ClientBuilder builder = new ClientBuilder()
  .name("Hosebird-Client-01")                              // optional: mainly for the logs
  .hosts(hosebirdHosts)
  .authentication(hosebirdAuth)
  .endpoint(hosebirdEndpoint)
  .processor(new StringDelimitedProcessor(msgQueue))
  .eventMessageQueue(eventQueue);                          // optional: use this if you want to process client events

Client hosebirdClient = builder.build();
// Attempts to establish a connection.
hosebirdClient.connect();

Now, msgQueue and eventQueue will now start being filled with messages/events. Read from these queues however you like.

// on a different thread, or multiple different threads....
while (!hosebirdClient.isDone()) {
  String msg = msgQueue.take();
  something(msg);
  profit();
}

You can close a connection with

hosebirdClient.stop();

Quick Start Example

To run the sample stream example:

mvn install && mvn exec:java -pl hbc-example -Dconsumer.key=XYZ -Dconsumer.secret=SECRET -Daccess.token=ABC -Daccess.token.secret=ABCSECRET

You can find these values on http://dev.twitter.com and navigating to one of your applications then to the API Keys tab. The API key and secrets values on that page correspond to hbc's -Dconsumer.* properties.

Alternatively you can set those properties in hbc-examples/pom.xml

The Details

Authentication:

Declaring OAuth1 credentials in the client (preferred):

new OAuth1("consumerKey", "consumerSecret", "token", "tokenSecret")

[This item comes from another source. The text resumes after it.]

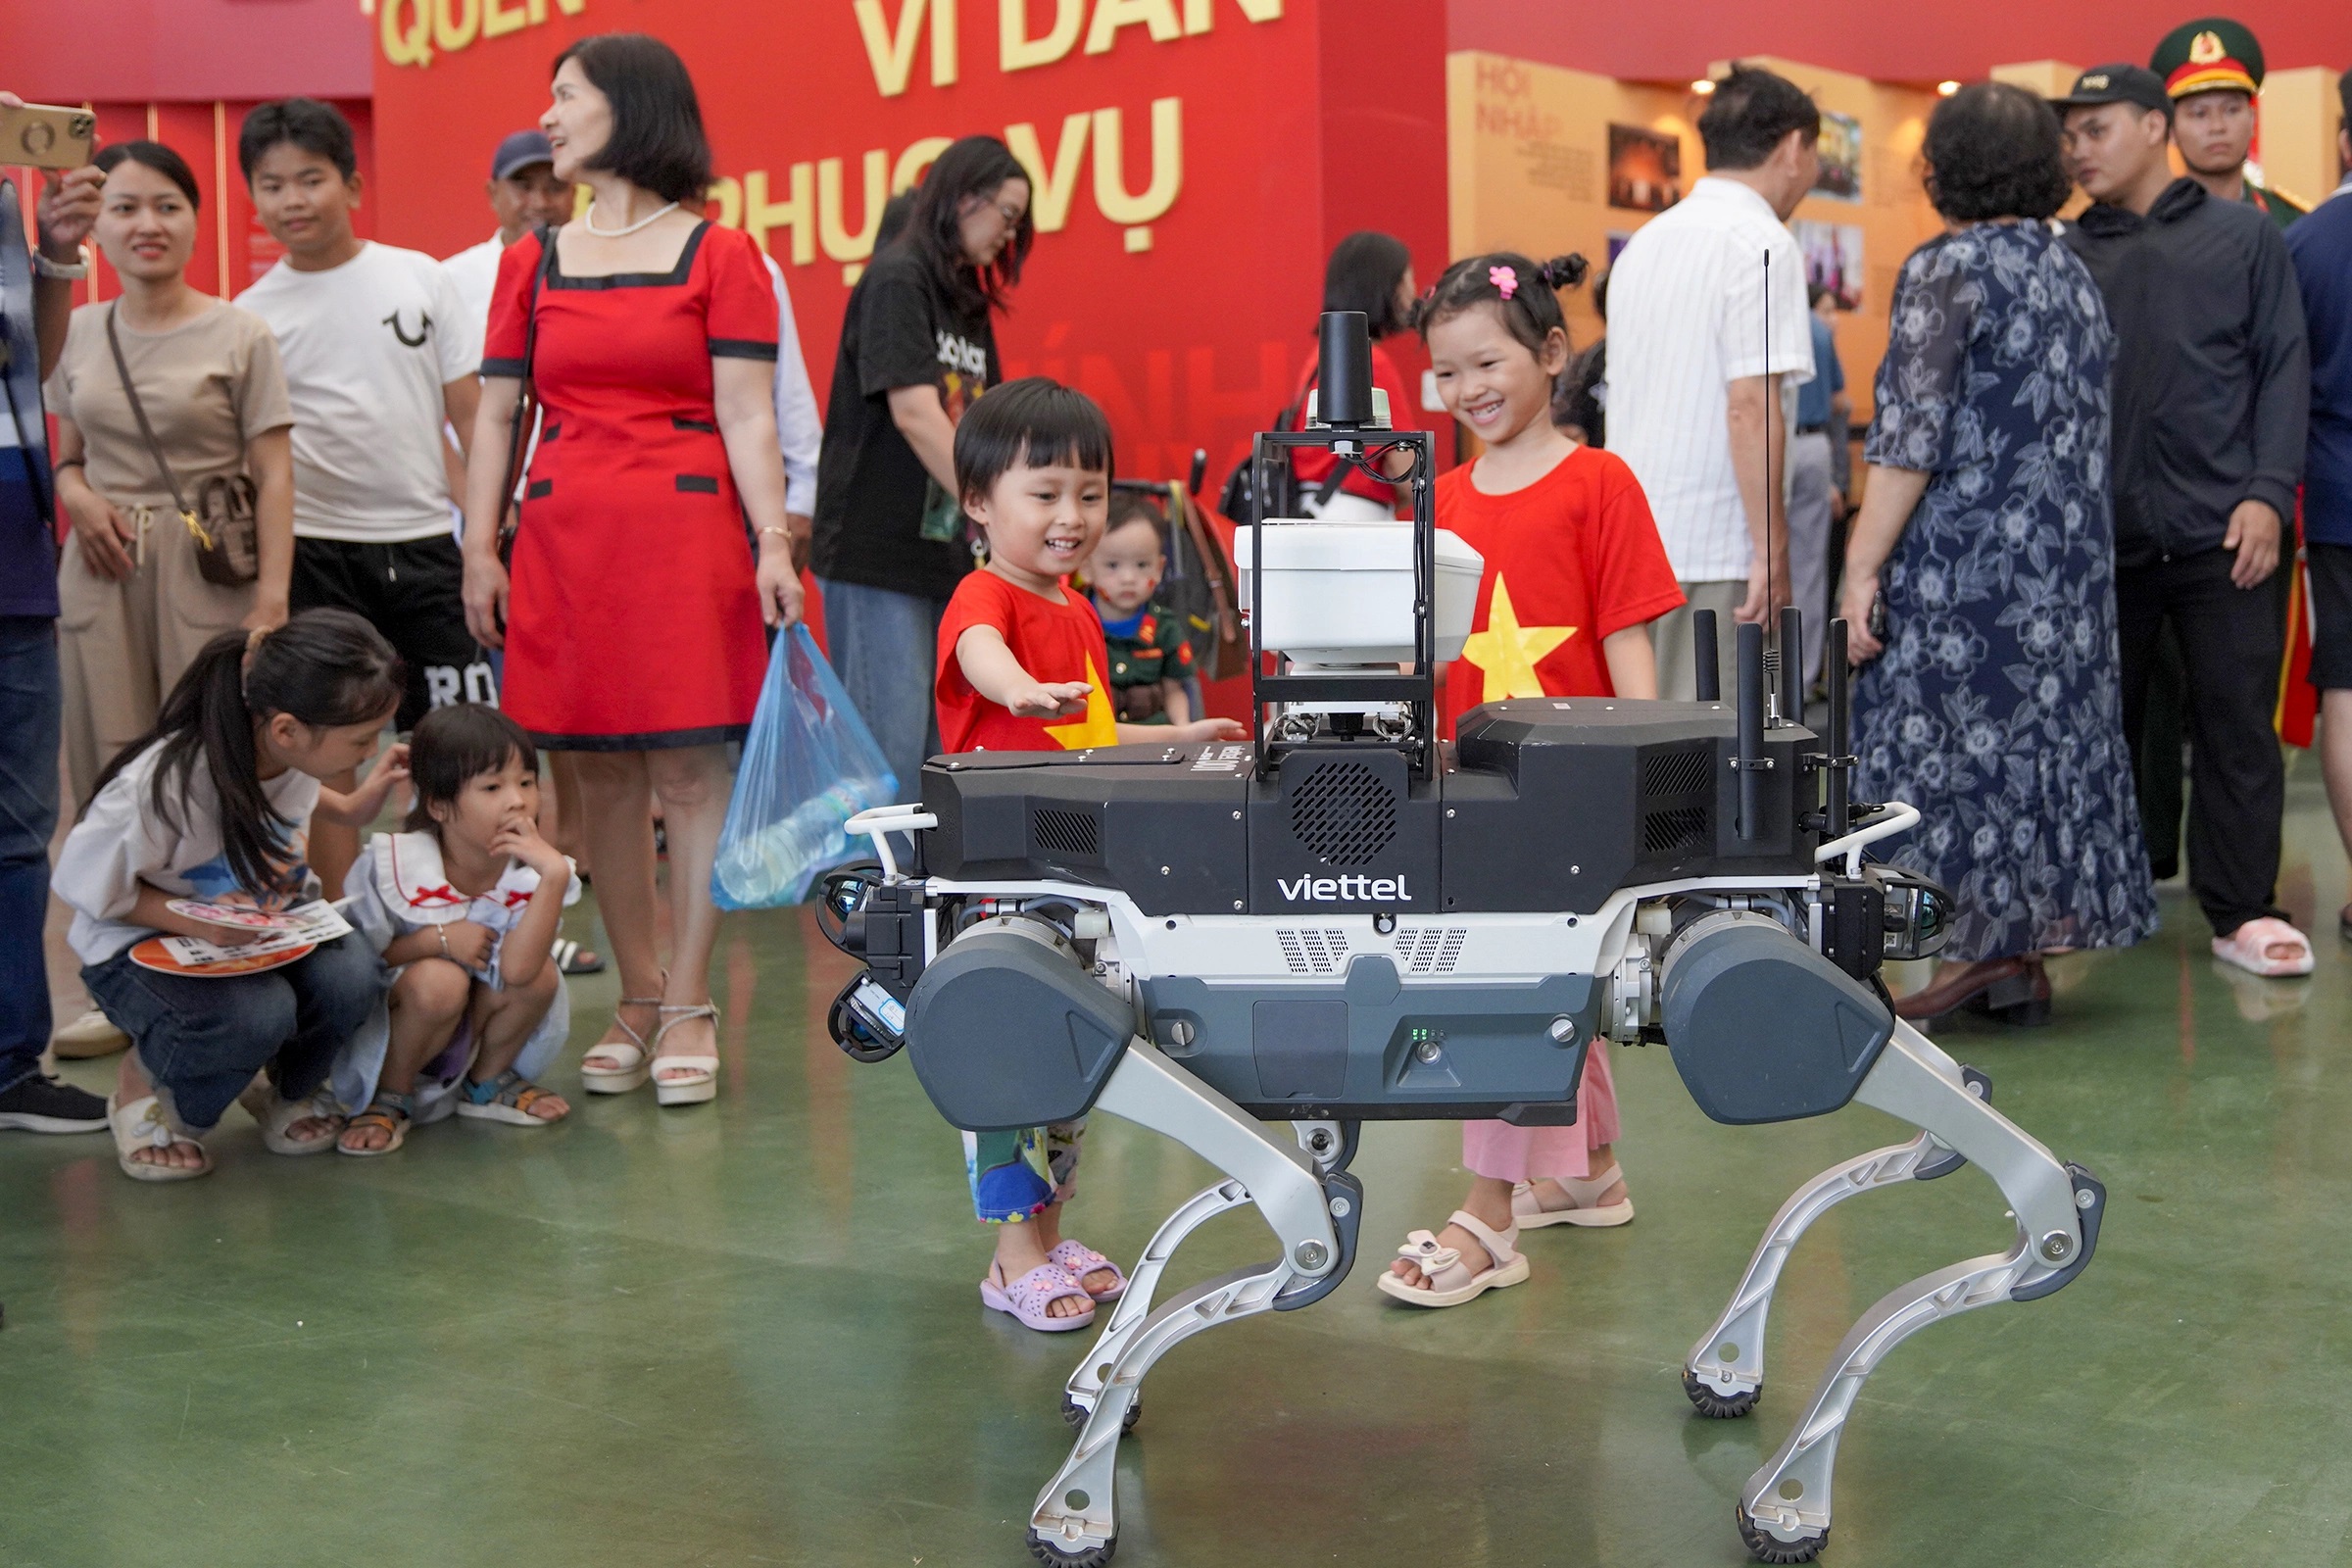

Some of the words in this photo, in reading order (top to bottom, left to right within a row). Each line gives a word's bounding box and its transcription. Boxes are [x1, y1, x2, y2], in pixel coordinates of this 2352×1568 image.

Declaring basic auth credentials in the client:

new BasicAuth("username", "password")

Be sure not to pass your tokens/passwords as strings directly into the initializers. They should be read from a configuration file that isn't checked in with your code or something similar. Safety first.

Specifying an endpoint

Declare a StreamingEndpoint to connect to. These classes reside in the package com.twitter.hbc.core.endpoint, and correspond to all of our endpoints. By default, the HTTP parameter "delimited=length" is set for all of our StreamingEndpoints for compatibility with our processor (next section). If you are using our StringDelimitedProcessor this parameter must be set. For a list of available public endpoints and the http parameters we support, see Twitter's Streaming API docs.

Filter streams:

StatusesFilterEndpoint endpoint = new StatusesFilterEndpoint();
// Optional: set up some followings and track terms
List<Long> followings = Lists.newArrayList(1234L, 566788L);
List<String> terms = Lists.newArrayList("twitter", "api");
endpoint.followings(followings);
endpoint.trackTerms(terms);

Firehose streams:

StreamingEndpoint endpoint = new StatusesFirehoseEndpoint();
// Optional: set up the partitions you want to connect to
List<Integer> partitions = Lists.newArrayList(0,1,2,3);
endpoint.partitions(partitions);
// By default, delimited=length is already set for use by our StringDelimitedProcessor
// Do this to unset it (Be sure you really want to do this)
// endpoint.delimited(false);

Setting up a Processor:

The hosebird client uses the notion of a "processor" which processes the stream and put individual messages into the provided BlockingQueue. We provide a StringDelimitedProcessor class which should be used in conjunction with the StreamingEndpoints provided. The processor takes as its parameter a BlockingQueue, which the client will put String messages into as it streams them.

Setting up a StringDelimitedProcessor is as easy as:

new StringDelimitedProcessor(msgQueue);

Control streams for Sitestream connections

Hosebird provides control stream support for sitestreams.

To make control stream calls with the hosebird client, first create a client. When calling connect() to create a connection to a stream with control stream support, the first message you receive will be the streamId. You'll want to hold on to that when processing the messages if you plan on using control streams, so after calling connect(), be sure to keep track of the streamId of this connection. Note that due to reconnections, the streamId could change, so always use the latest one. If you're using our twitter4j layer, keeping track of the control messages/streamIds will be taken care of for you.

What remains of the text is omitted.